A second E-V13 is also downstream of E-Z5018, under E-L17! Another branch which is very rare in the ancient DNA record and absent from the Pre-Roman time periods which Hacs_22 being the oldest available sample.

And one of these individuals which looks still pretty Daco-Thracian has a very interesting haplogroup as well:

This branch is super rare and goes back to Maros/Mokrin!

The site Hacs is pretty Western and close to the later Keszthely groups territory: https://en.wikipedia.org/wiki/Hács

I think we deal with a still Daco-Thracian ethnic group which was resettled.
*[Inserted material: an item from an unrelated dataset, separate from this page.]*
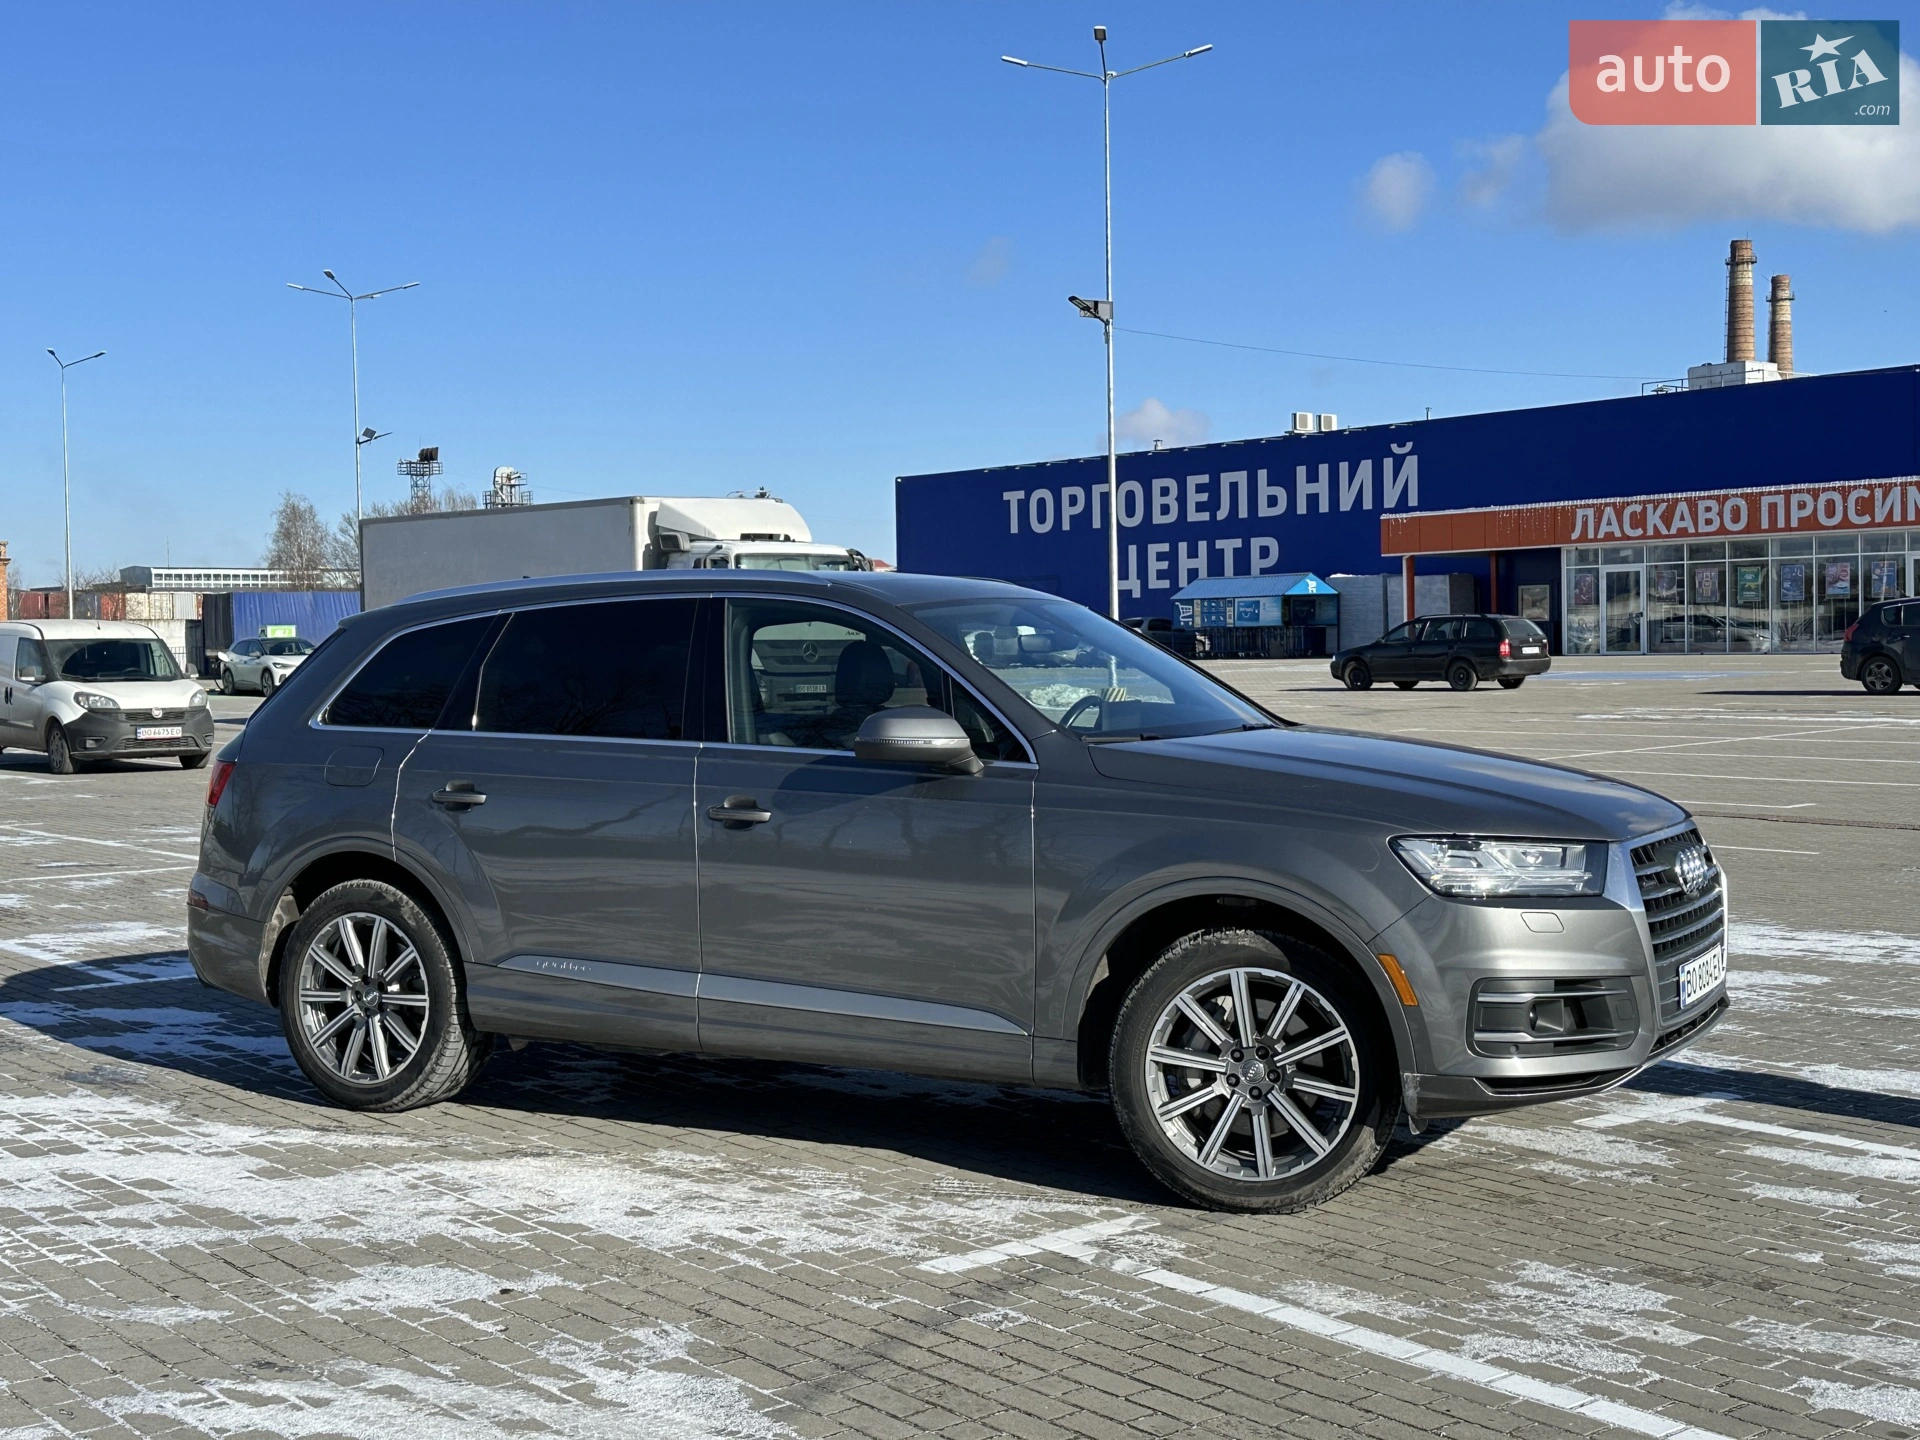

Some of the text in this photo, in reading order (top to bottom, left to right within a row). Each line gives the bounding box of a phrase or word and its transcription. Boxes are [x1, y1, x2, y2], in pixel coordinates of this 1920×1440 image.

The three males are practically pure/core level, more typical than e.g. the South Thracian outliers overall. The E-L241 has a tiny bit, the female more possibly East Asian admixture (still trace levels, rather).

A pretty tight cluster being formed by the E-L241 samples which are Balkan-like, I added the other Hacs samples too:

Hacs-E-L241.jpg


I-FTB71610 or better I-Y13335 may be considered a very good candidate, similar to some C-V86 branches, probably even more so going by its pattern, for a minority (North) Thracian haplogroup. The timing (LBA-EIA branching events), distribution (North - South, strong presence among Slavs) and context (together with E-L241 and E-L17) make a North Thracian origin/survival pretty likely.

It is also interesting that we see the rather North Thracian pattern for I-Y3335 also, which would imply it joined early and probably was part of a Channelled Ware group. Being assimilated by groups of Belegis or Pre-Gáva from Maros would make perfect sense, obviously.

What this also suggests is that at least by around 500 AD we had multiple Daco-Thracian domianted kingroups in Central and South Eastern Europe. That's what the data suggests. That's a fairly long persistence when other areas and groups were already highly mixed and/or Romanised.